Gerrit van Dijk was born in a Catholic family in the village of Volkel, in the municipality of Uden. He studied as a fifteen-year-old boy at the academy in Tilburg. He was not very satisfied about the school. "You only learn technique. The creativity you learn is no creativity at all. You know exactly what colour socks you should wear and what your hair should look like, but not how to put something on paper." After finishing his study, he initially became a teacher, then became a painter who frequently collaborated with other artists from other disciplines.

His painting career ended abruptly when he saw Norman McLaren's films and bought a double-eight camera. He made his first film It's Good in Heaven, seeing his shift to film as a logical continuation of his work as a painter, and considered his films moving paintings. In 1963 van Dijk married Cilia van Lieshout, a film producer who won an Academy Award for Best Animated Short Film.

Over time, Dijk moved away from classic filmmaking, instead creating collages combining photographs and image-by-image technique. He also experimented with various techniques, including cels, cut-outs, rotoscopy, pixilation, and live action combined with animation. He also joined a theatre group called Orkater that was set in Haarlem, Netherlands.

Dijk's films Pas a Deux and I move, so I am earned him Golden Bears at the Film Festspiele, Berlin in 1989 and 1998, respectively. He also received the Order of the Dutch Lion from Queen Beatrix of the Netherlands in 1998.

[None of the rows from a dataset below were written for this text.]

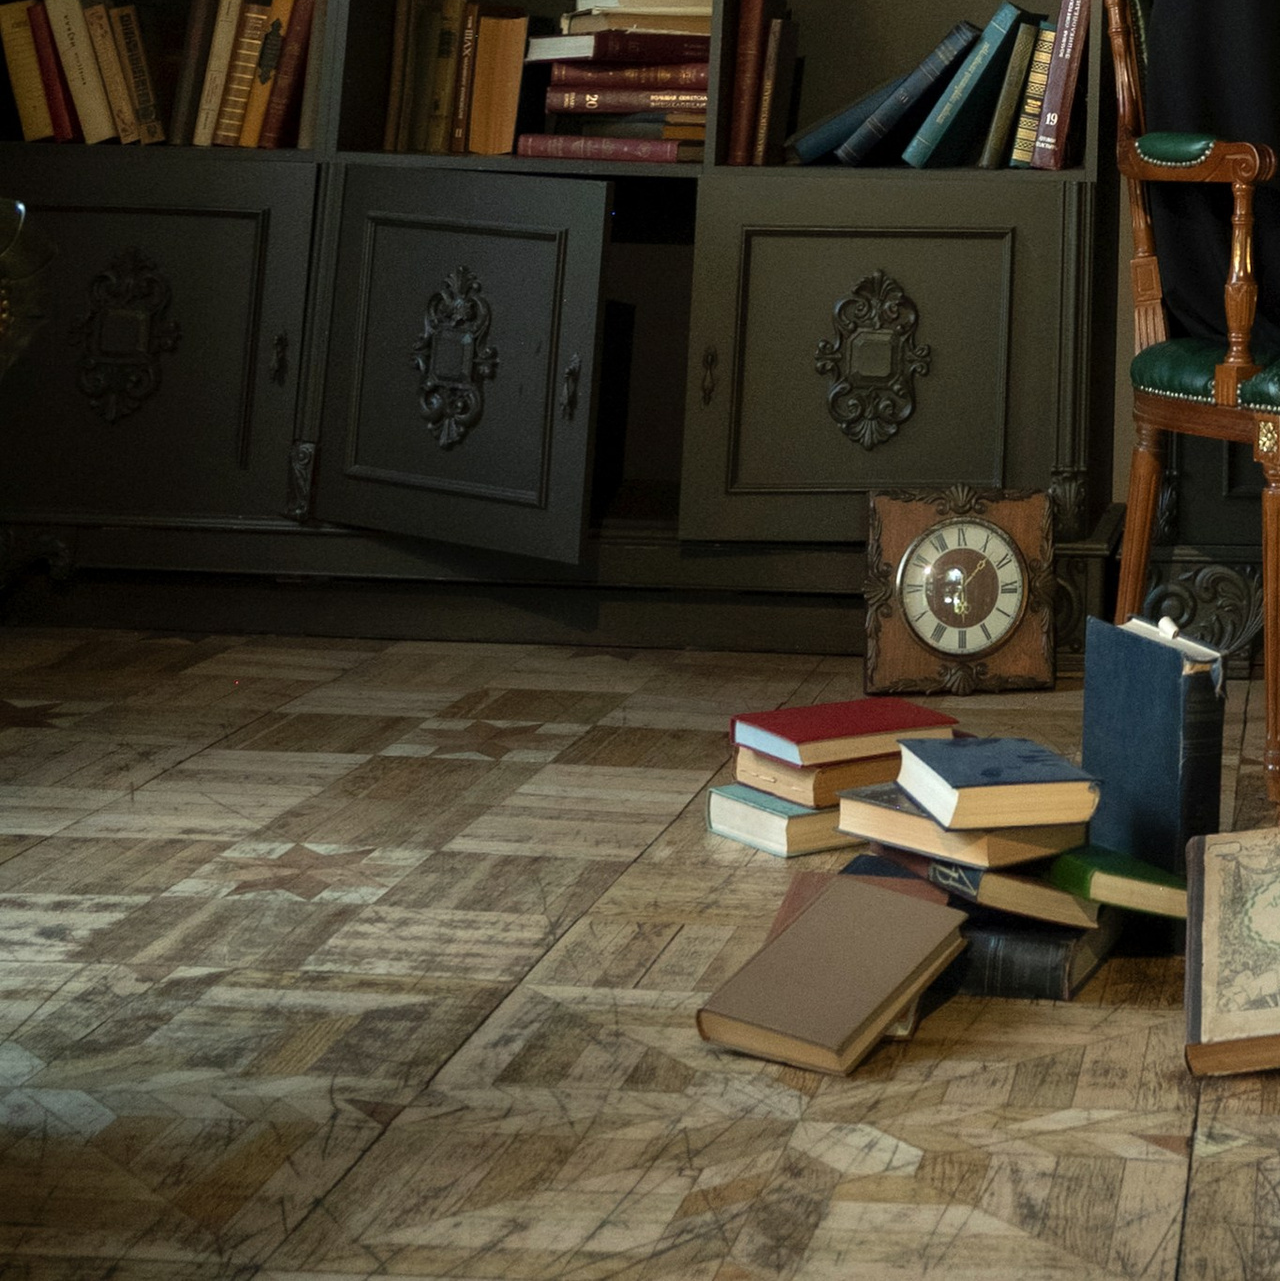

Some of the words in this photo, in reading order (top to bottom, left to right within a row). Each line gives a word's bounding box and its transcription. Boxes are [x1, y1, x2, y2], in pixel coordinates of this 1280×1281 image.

[461, 29, 473, 57] XVIII
[1057, 29, 1069, 58] БОЛЬШАЯ
[585, 93, 598, 108] 20
[1045, 112, 1058, 126] 19
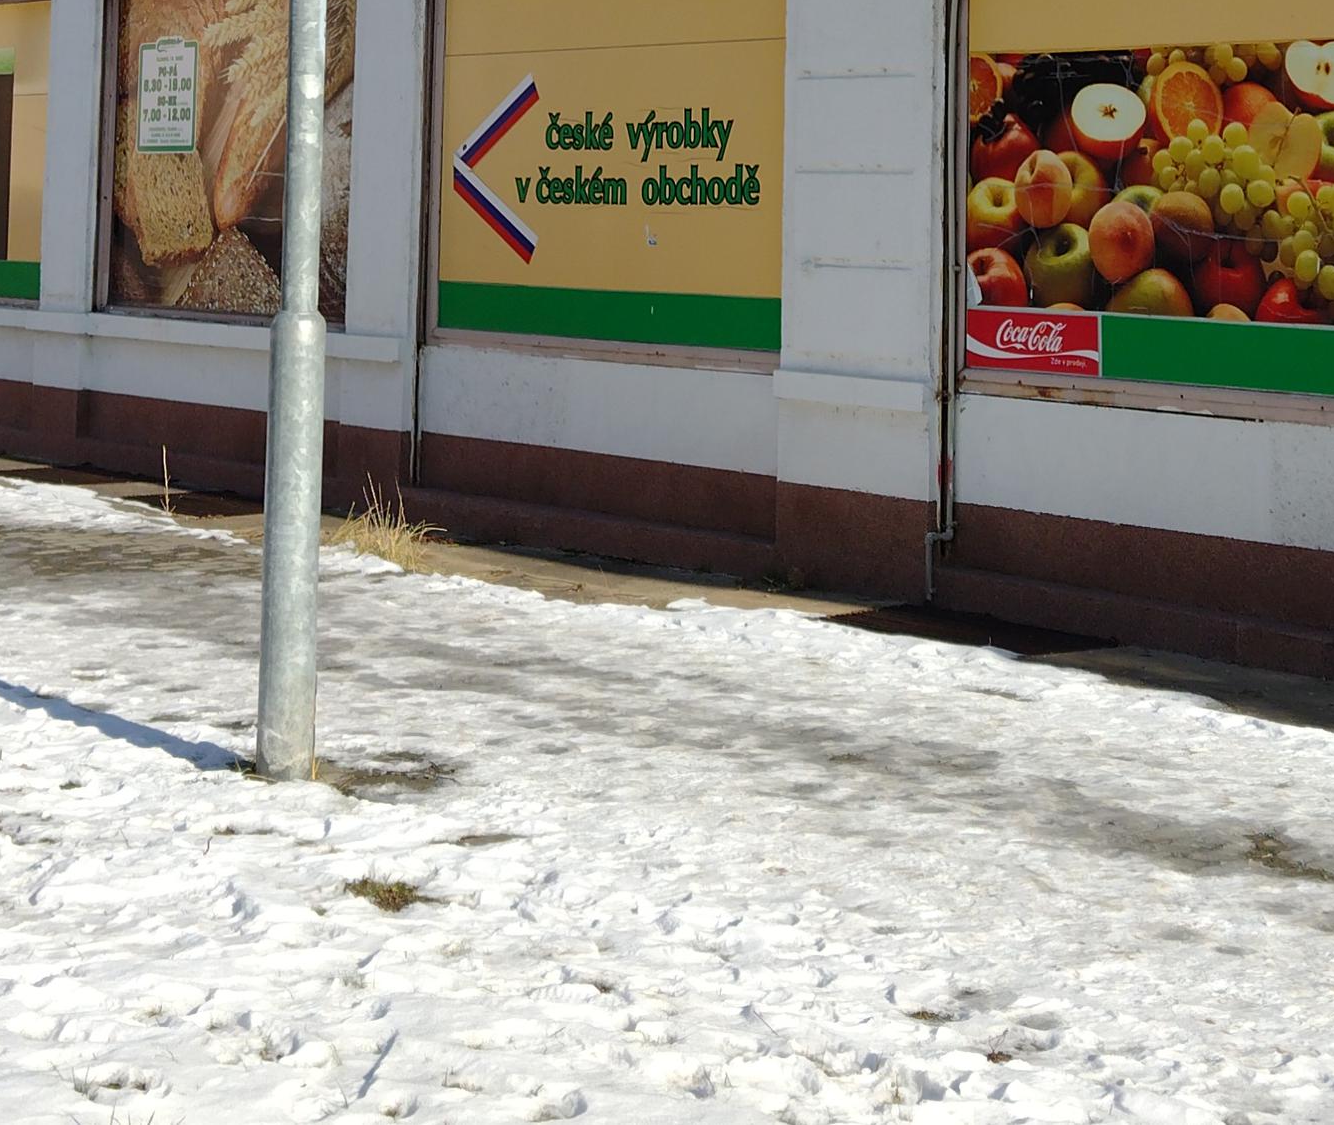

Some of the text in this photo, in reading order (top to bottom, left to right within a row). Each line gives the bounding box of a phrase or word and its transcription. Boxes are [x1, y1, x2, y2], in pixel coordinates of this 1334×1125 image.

On 4 December 2012, van Dijk died from lung cancer.

==Filmography==

Films of Gerrit van Dijk
| Title | Length | Year |
|---|---|---|
| Far away from home | 5.19 min | 2009 |
| Sold out | 7.30 min | 2006 |
| Trailer for Filmmuseum | 1.5 min | 2005 |
| The Letter | 50 sec. | 2004 |
| Jute 14: Deed gij ook niet, wat U geschiedt? | 3 min | 2004 |
| The last words of Dutch Schultz | 23 min. | 2003 |
| I move, so I am | 8.5 min. | 1997 |
| Frieze Frame | 4.5 min. | 1991 |
| Janneke | 8.5 min. | 1990 |
| Pas A Deux | 5.5 min. | 1988 |
| A Good Turn Daily | 13 min. | 1983 |
| Jute 9 Tanzen nach den Pfeifen von F.J.Strauss | 3 min. | 1979 |
| Jute 2 Alle Menschen werden Brüder | 3 min. | 1979 |
| Quod Libet | 7.5 min. | 1977 |
| Sportflesh | 3 min. | 1976 |
| Butterfly | 3.5 min. | 1973 |

==Sources==
- Gloudemans, Ton (1990) Gerrit van Dijk: De kunst van de beweging, Haarlem: Stichting Animated People. ISBN 9094014653 9789094014650
- Heesen, Hans & Veerkamp, Lex (2013) Ik ben blij dat ik er geweest ben. Gerrit van Dijk Uden 5.12.1938-Haarlem 4.12.2012, Utrecht: Stichting Holland Animation Film Festival.
- Peters, Mette (2019) “Verf en kleurpotlood. Animatiefilmer Gerrit van Dijk (1938-2012)”, in: Haarlem Filmstad. Harry Hosman (sam.), Eindhoven: Lecturis. ISBN 9789462262928
- Overtoom, Jacques & Koster, Gonda (eds.) (2020) Gerrit van Dijk, hommage aan een inspirerende dwarsligger. Haarlem: Jacques Overtoom / Gonda Koster (eigen beheer).